Es difícil que un challenge le deje un mensaje a las personas, pero este de un vestido cambió la vida de una mujer

Cuando un challenge se apodera de Internet, es difícil de ignorar debido a lo rápido que puede volverse viral en las redes sociales, desde bañarse con agua helada hasta usar una almohada como prenda de ropa. Ahora un nuevo desafío ha visto la luz y consiste en usar un vestido por varios días seguidos con el fin de ayudar a salvar el planeta, pero una mujer lo ha llevado al extremo.

Sarah Robbins-Cole ciertamente ha sacado el valor de su dinero con su vestido negro de manga larga y hasta la rodilla, ya que lo usa para trabajar, mientras camina, para relajarse en el sofá e incluso el día de Navidad. De hecho, la mujer de 52 años ha llevado esta prenda hecha de lana de origen sostenible durante 100 días seguidos.

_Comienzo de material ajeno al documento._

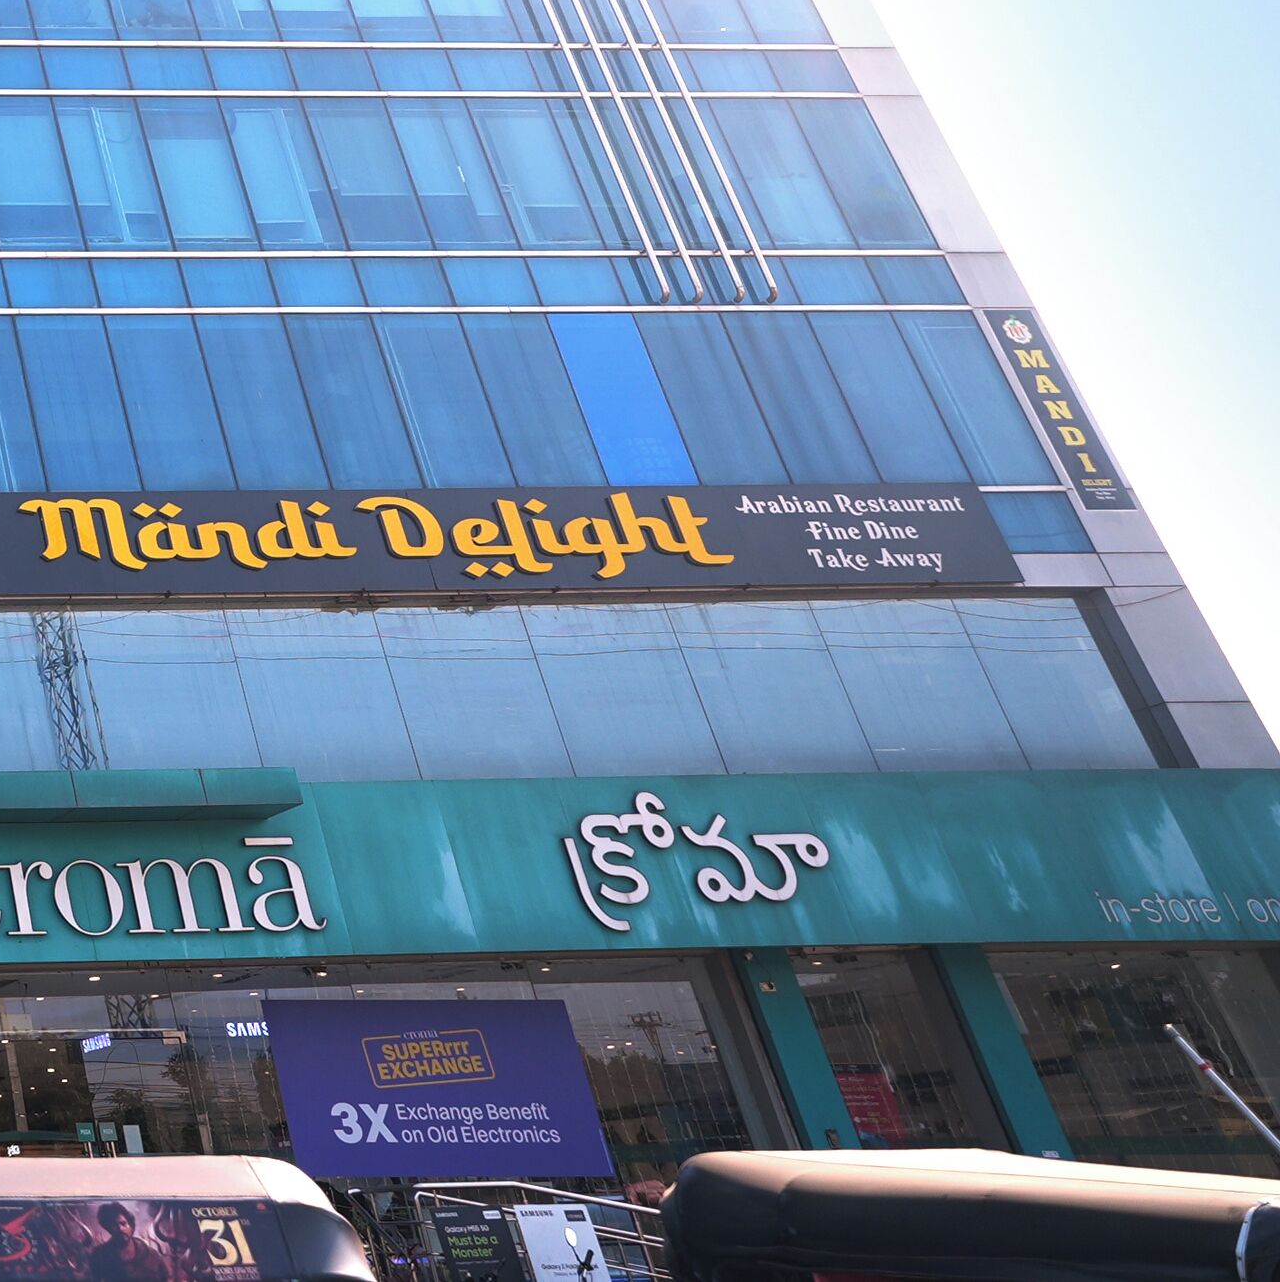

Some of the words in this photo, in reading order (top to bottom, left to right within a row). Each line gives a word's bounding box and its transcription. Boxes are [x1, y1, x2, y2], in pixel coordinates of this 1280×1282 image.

Sarah se unió a este challenge de vestimenta de 100 días el 16 de septiembre de 2020 en un intento por vivir sin moda rápida y ayudar a salvar el planeta, y lo disfrutó tanto que se propuso un nuevo desafío para este año. 

“Para mi sorpresa, usar el mismo vestido durante 100 días seguidos no quitó nada de mi vida. En cambio, me ha inspirado a dar un paso más y no comprar ropa o accesorios nuevos entre el 1 de enero de 2021 y el 1 de enero de 2022”, comentó la mujer. “Me di cuenta de que, a mi edad, tengo ropa para cada ocasión y si necesito un vestido de gala, ¡desempolvo uno que lleva en mi armario desde 1992!”.

Según reseña el portal Mirror, Sarah fue una de las 250 mujeres que aceptaron el challenge de los 100 días, dirigido por una reconocida marca de ropa de Estados Unidos. El vestido fue diseñado para mostrar a las participantes cómo el uso de una sola prenda cambiaría sus hábitos de gasto, reduciría la carga de ropa sucia y al no comprar moda rápida ayudaría a salvar el planeta.

"Vi el challenge por primera vez en las redes sociales y pensé ¿por qué no?" dijo Sarah.

A los participantes se les permitió lavar y secar el vestido durante la noche, pero si estaban despiertos, se esperaba que lo usaran. Y cualquiera que completara el desafío ganaría un vale de $100 para gastar en un nuevo vestido y lana.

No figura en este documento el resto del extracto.